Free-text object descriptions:
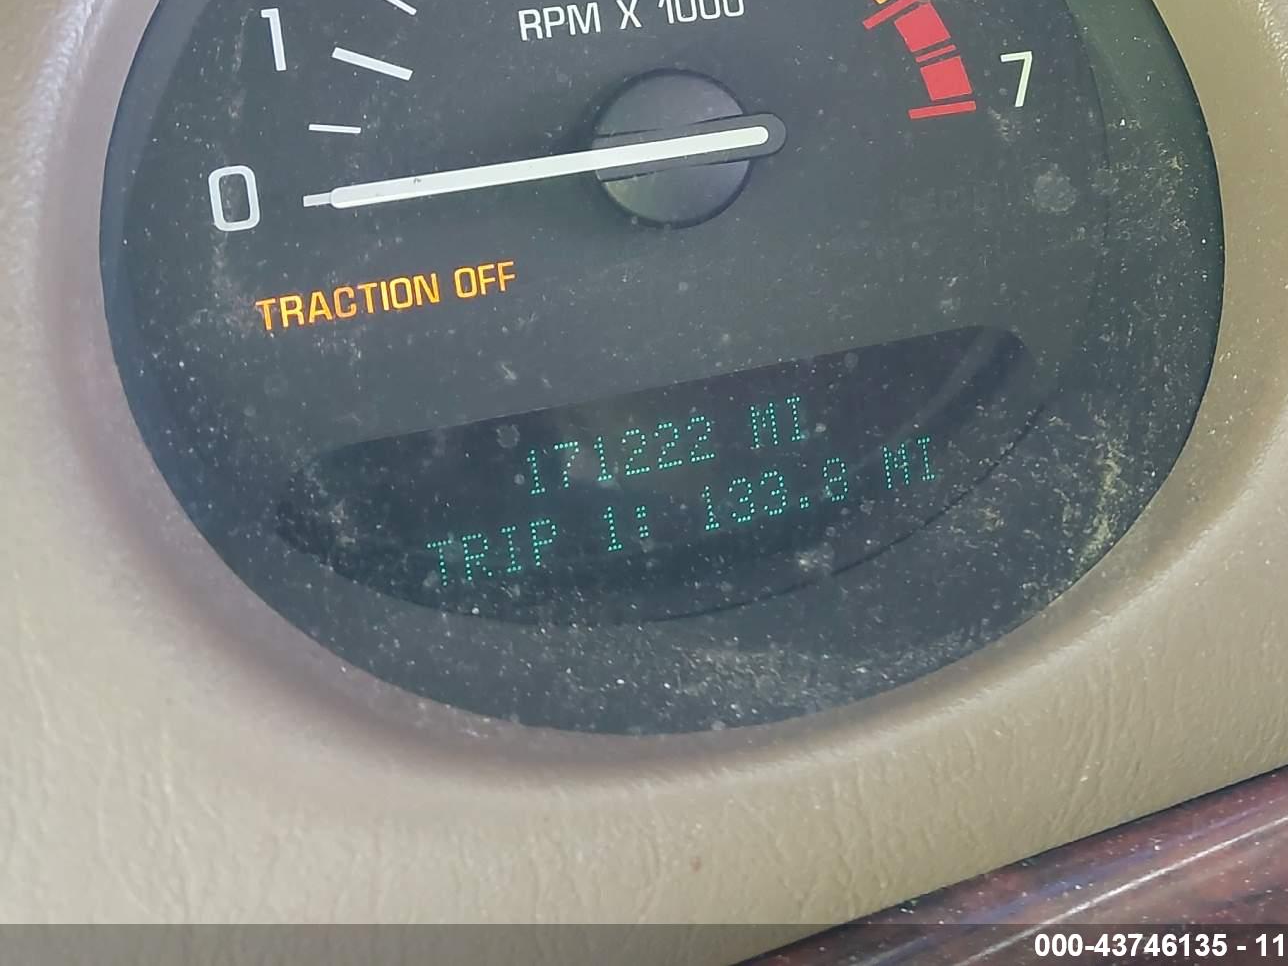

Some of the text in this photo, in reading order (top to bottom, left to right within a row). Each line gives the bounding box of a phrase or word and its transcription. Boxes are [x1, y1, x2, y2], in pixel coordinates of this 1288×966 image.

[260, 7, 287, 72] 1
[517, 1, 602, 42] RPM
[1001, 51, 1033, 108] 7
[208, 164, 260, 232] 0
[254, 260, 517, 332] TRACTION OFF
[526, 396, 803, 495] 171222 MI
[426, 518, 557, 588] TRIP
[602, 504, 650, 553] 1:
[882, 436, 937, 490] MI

▶ [Task requirements]: Images do not belong in the copy; reproduce all other parts of the records above verbatim.

▶ [Response for this exercise]:
Some of the text in this photo, in reading order (top to bottom, left to right within a row). Each line gives the bounding box of a phrase or word and its transcription. Boxes are [x1, y1, x2, y2], in pixel coordinates of this 1288×966 image.

[260, 7, 287, 72] 1
[517, 1, 602, 42] RPM
[1001, 51, 1033, 108] 7
[208, 164, 260, 232] 0
[254, 260, 517, 332] TRACTION OFF
[526, 396, 803, 495] 171222 MI
[426, 518, 557, 588] TRIP
[602, 504, 650, 553] 1:
[882, 436, 937, 490] MI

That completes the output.